Smoking is a major risk factor for ischemic heart disease. Nicotine narrows the arteries and makes the heart work harder. Damage to the inner linings of the vessels promotes plaque build-up, and the carbon monoxide inhaled in cigarette smoke does the damage. Excessive alcohol consumption can raise blood pressure and triglyceride levels. Stress can be a factor in both smoking and alcohol consumption. People may start or increase smoking or use alcohol to relieve stressors or anxiety. Those hoping to reduce their risk of ischemic heart disease should quit smoking and limit alcohol consumption.
Chest pain, also called angina, is a symptom of ischemic heart disease and heart attacks. If a person is experiencing chest pain for the first time, it is a good idea to call 911. He or she will usually feel pain in the center or left of center of the chest, along with tightness or pressure. It has been described as feeling like someone is standing or sitting on the chest. Angina usually comes on after emotional or physical stress. It can be relieved by stopping the activity immediately. The most common symptom, chest pain, may come and go or be a sharp pain felt in the neck, back, or arm. Women may not feel this symptom. Shortness of breath occurs when the heart cannot pump enough blood to supply oxygen to the body, and the lungs try to get more. Extreme fatigue after exercise is another symptom.
Heart muscle damage symptoms indicate the cardiac muscle is weakening and unable to pump enough blood and oxygen. Partially blocked arteries are to blame. The symptoms include chest pain, chest pressure, shortness of breath, heart palpitations or irregular heartbeats, extreme fatigue, lightheadedness, fainting, edema or swelling of the lower legs or feet, difficulty sleeping, weight gain, cough or congestion in the lungs, and swelling in the abdomen. These symptoms need prompt treatment by a physician.
A heart attack can happen with no warning. Knowing the signs and symptoms can be life-saving.
Anyone experiencing these symptoms must be admitted to the hospital as quickly as possible.
Various medications can treat ischemic heart disease. There are drugs that lower LDL cholesterol, decreasing plaque build-up in the arteries. Some drugs thin the blood, lowering the chance of obstruction, especially the coronary arteries, while others lower blood pressure and slow the heart rate, reducing the demand for oxygen and relieving some of the pressure on the heart. Finally, medication can relieve symptoms such as angina and chest pain.

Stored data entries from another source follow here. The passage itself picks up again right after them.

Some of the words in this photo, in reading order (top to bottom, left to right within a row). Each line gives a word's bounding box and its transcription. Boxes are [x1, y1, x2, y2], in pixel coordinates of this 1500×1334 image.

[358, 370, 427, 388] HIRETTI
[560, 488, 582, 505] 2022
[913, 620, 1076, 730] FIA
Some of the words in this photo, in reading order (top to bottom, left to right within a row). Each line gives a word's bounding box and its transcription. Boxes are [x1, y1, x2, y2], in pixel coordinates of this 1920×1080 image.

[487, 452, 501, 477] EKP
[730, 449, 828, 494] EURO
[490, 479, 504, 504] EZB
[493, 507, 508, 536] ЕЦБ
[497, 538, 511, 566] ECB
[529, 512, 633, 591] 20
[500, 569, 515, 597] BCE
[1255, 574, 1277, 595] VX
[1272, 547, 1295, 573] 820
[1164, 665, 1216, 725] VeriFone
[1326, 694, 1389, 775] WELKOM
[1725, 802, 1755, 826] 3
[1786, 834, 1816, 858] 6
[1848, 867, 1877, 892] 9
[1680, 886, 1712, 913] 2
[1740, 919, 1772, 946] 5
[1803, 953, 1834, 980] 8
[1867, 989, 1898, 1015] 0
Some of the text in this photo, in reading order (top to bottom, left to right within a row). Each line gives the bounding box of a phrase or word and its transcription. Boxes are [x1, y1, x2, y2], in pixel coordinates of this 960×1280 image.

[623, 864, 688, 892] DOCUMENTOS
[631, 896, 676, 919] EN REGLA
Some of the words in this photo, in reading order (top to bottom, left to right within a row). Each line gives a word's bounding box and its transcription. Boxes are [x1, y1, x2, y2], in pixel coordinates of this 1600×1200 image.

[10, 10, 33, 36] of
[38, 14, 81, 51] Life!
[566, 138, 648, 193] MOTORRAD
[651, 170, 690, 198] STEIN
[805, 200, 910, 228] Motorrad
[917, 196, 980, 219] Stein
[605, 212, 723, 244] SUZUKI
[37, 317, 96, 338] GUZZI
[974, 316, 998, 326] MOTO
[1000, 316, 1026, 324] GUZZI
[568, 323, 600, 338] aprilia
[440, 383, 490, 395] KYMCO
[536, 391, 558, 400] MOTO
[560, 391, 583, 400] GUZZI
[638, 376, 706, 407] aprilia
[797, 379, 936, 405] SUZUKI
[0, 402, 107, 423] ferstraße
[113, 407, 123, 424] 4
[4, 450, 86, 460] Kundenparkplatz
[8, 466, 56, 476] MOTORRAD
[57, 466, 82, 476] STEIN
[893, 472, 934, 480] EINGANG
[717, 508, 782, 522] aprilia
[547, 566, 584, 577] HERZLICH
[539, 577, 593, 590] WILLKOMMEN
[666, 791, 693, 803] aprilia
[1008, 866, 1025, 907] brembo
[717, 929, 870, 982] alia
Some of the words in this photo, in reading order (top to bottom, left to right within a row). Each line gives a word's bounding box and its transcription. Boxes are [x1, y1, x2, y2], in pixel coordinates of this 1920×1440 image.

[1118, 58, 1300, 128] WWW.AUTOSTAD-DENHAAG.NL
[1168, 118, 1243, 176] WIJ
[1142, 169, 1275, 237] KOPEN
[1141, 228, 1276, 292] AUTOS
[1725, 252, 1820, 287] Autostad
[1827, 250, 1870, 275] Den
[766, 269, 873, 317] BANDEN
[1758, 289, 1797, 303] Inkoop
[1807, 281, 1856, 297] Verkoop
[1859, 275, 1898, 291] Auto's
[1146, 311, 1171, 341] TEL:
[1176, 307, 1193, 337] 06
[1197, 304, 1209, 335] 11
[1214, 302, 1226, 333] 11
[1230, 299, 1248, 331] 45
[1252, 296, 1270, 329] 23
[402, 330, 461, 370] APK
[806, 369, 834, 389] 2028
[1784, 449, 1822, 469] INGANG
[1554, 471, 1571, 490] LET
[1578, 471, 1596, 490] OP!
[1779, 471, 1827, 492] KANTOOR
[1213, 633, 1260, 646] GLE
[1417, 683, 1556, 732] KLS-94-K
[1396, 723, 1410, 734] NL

A major risk factor for ischemic heart disease is smoking, and stopping this habit can greatly reduce risk. People at risk or hoping to alleviate existing symptoms should also work to control hypertension, which one can monitor at home or the doctor's office. Controlling diabetes with diet or insulin, and moderate regular exercise will help control weight, stress, high blood pressure, and diabetes.
Surgery is the last resort. Angioplasty with stent placement is a fairly common procedure. The surgeon threads a long tube through the blood vessels into the coronary artery where it has narrowed and inflates a small balloon-like structure. This stent is pressed against the wall of the vessel, opening it wider by flattening out the plaque. Another option, coronary artery bypass surgery, reroutes the blood flow from blocked areas in the coronary arteries. The surgeon uses a vessel from another part of the body to make the detour. This open heart surgery reserved for the most serious cases involving multiple blockages.